Porque la familia tenía el privilegio de ser enterrada “bajo bóveda y no en tierra”, o sea, en el interior del templo.
Dirigiéndose al cuerpo yacente del infortunado Cosme -entre otras cosas- finalizó diciendo:
“Hijo carísimo que nunca llegaste a vernos, sino solo a imaginarnos, nos haces a todos reflexionar sobre la brevedad de la vida y la aparente injusticia con la que la misma se abate a veces contra algunos de sus hijos, ¡con cuánto dolor te despedimos hoy, capaces de entregar nuestra vida una y mil veces porque tu siguieses viviendo!”.
Durante el largo sepelio -de casi dos horas- Catalina había sostenido en sus manos un objeto envuelto en una tela de raso de color azul turquesa, hasta que su hermano fue depositado en la tumba familiar, momento en el que lo descubrió.
Se trataba de un cofre de madera con aplicaciones de lapislázuli y esmaltes porcelánicos en la cubierta, encargándose ella misma de colocarlo a los pies del hermano que nunca volvería a ver.

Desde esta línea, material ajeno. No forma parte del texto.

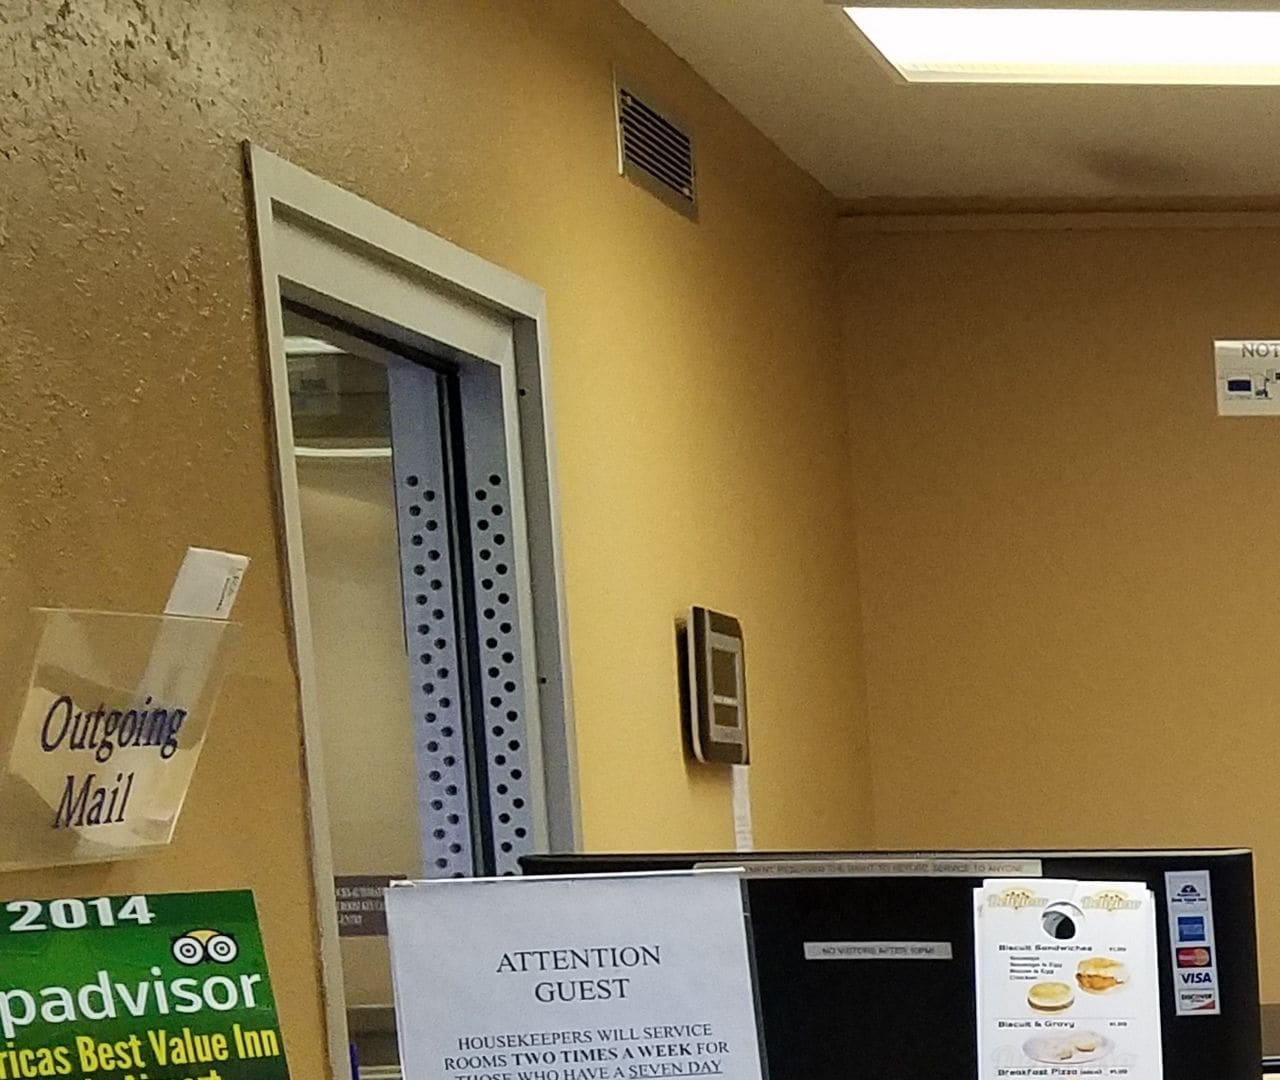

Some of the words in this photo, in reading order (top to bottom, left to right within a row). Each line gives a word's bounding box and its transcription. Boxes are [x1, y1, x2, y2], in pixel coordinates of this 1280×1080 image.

[41, 696, 187, 762] Outgoing
[51, 773, 134, 829] Mail
[974, 864, 986, 872] TO
[6, 895, 156, 932] 2014
[496, 945, 661, 973] ATTENTION
[534, 978, 631, 1003] GUEST
[1181, 972, 1212, 984] VISA
[0, 966, 261, 1039] padvisor
[458, 1031, 593, 1051] HOUSEKEEPERS
[597, 1028, 642, 1043] WILL
[643, 1023, 713, 1040] SERVICE
[1045, 1021, 1075, 1030] Gravy
[75, 1035, 146, 1072] Best
[148, 1028, 229, 1066] Value
[233, 1023, 280, 1059] Inn
[444, 1054, 508, 1071] ROOMS
[511, 1050, 556, 1066] TWO
[560, 1048, 618, 1064] TIMES
[621, 1046, 635, 1060] A
[638, 1043, 693, 1058] WEEK
[696, 1041, 730, 1055] FOR
[613, 1066, 626, 1080] A
[628, 1062, 684, 1080] SEVEN
[688, 1059, 723, 1075] DAY
[1052, 1068, 1078, 1076] Pizza

Catalina jamás reveló a nadie el contenido de aquel cofre.
—— Francisco José Rozada Martínez, 14 de enero de 2023 ——
(Acompaña este quinto capítulo una recreación del Palacio de Robledo según el minucioso pintor y dibujante autodidacta Alfredo Palomo Blanco.
Con una importante fidelidad al natural pero con una latente carga emocional que coincide con el Romanticismo, Palomo da prioridad a la contemplación y al recuerdo.
Su técnica preferente es la conocida como plumilla, compleja técnica en la que no es posible la rectificación y en la que sus dibujos reproducen un mundo lejos de la abstracción lírica, siendo muy cuidadoso con la combinación de trazos que le sirven para recrear variados efectos).